• Task requirements:
Reproduce the entries below exactly, but leave the pictures out.

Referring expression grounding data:
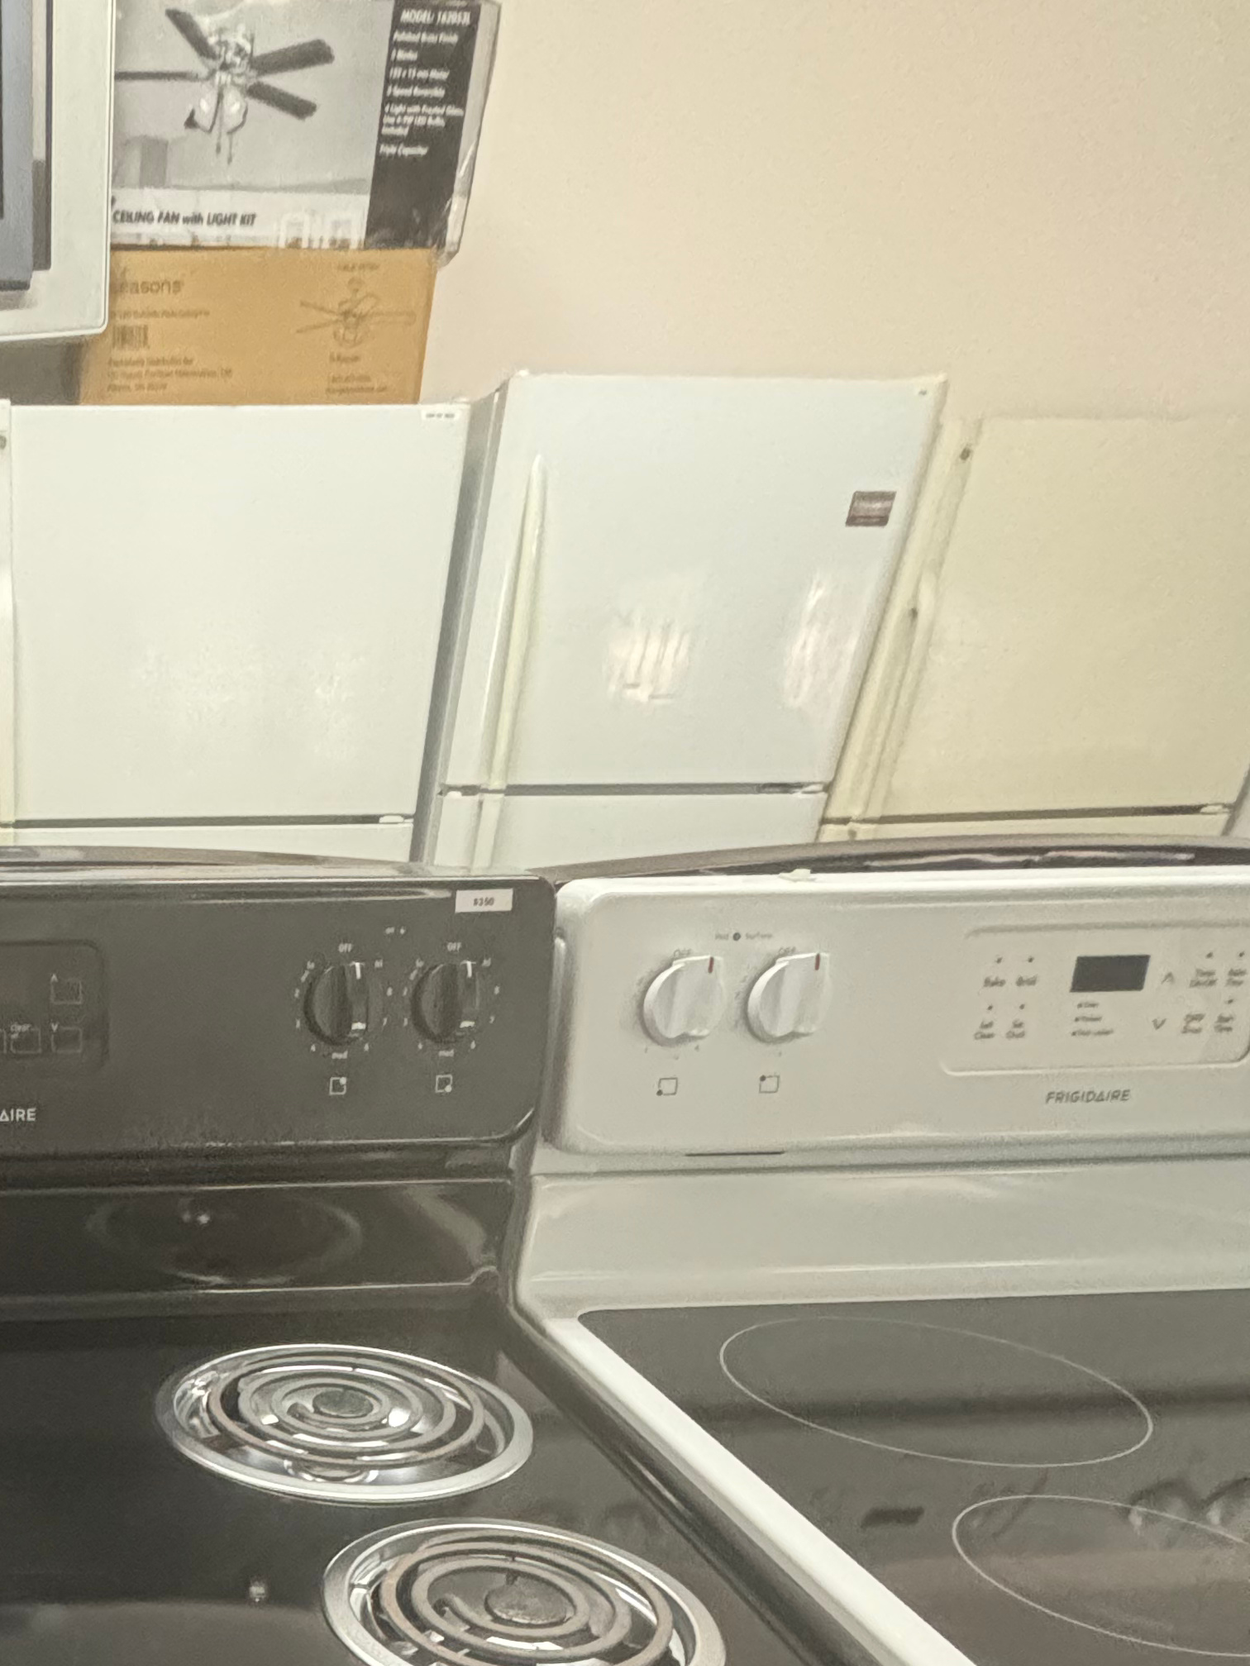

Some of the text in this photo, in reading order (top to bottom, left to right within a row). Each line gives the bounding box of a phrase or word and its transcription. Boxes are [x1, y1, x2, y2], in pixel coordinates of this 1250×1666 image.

[112, 210, 257, 226] CEILING FAN with LIGHT KIT
[338, 943, 353, 953] OFF
[447, 942, 462, 952] OFF
[1045, 1089, 1131, 1104] FRIGIDAIRE

• Output below:
Some of the text in this photo, in reading order (top to bottom, left to right within a row). Each line gives the bounding box of a phrase or word and its transcription. Boxes are [x1, y1, x2, y2], in pixel coordinates of this 1250×1666 image.

[112, 210, 257, 226] CEILING FAN with LIGHT KIT
[338, 943, 353, 953] OFF
[447, 942, 462, 952] OFF
[1045, 1089, 1131, 1104] FRIGIDAIRE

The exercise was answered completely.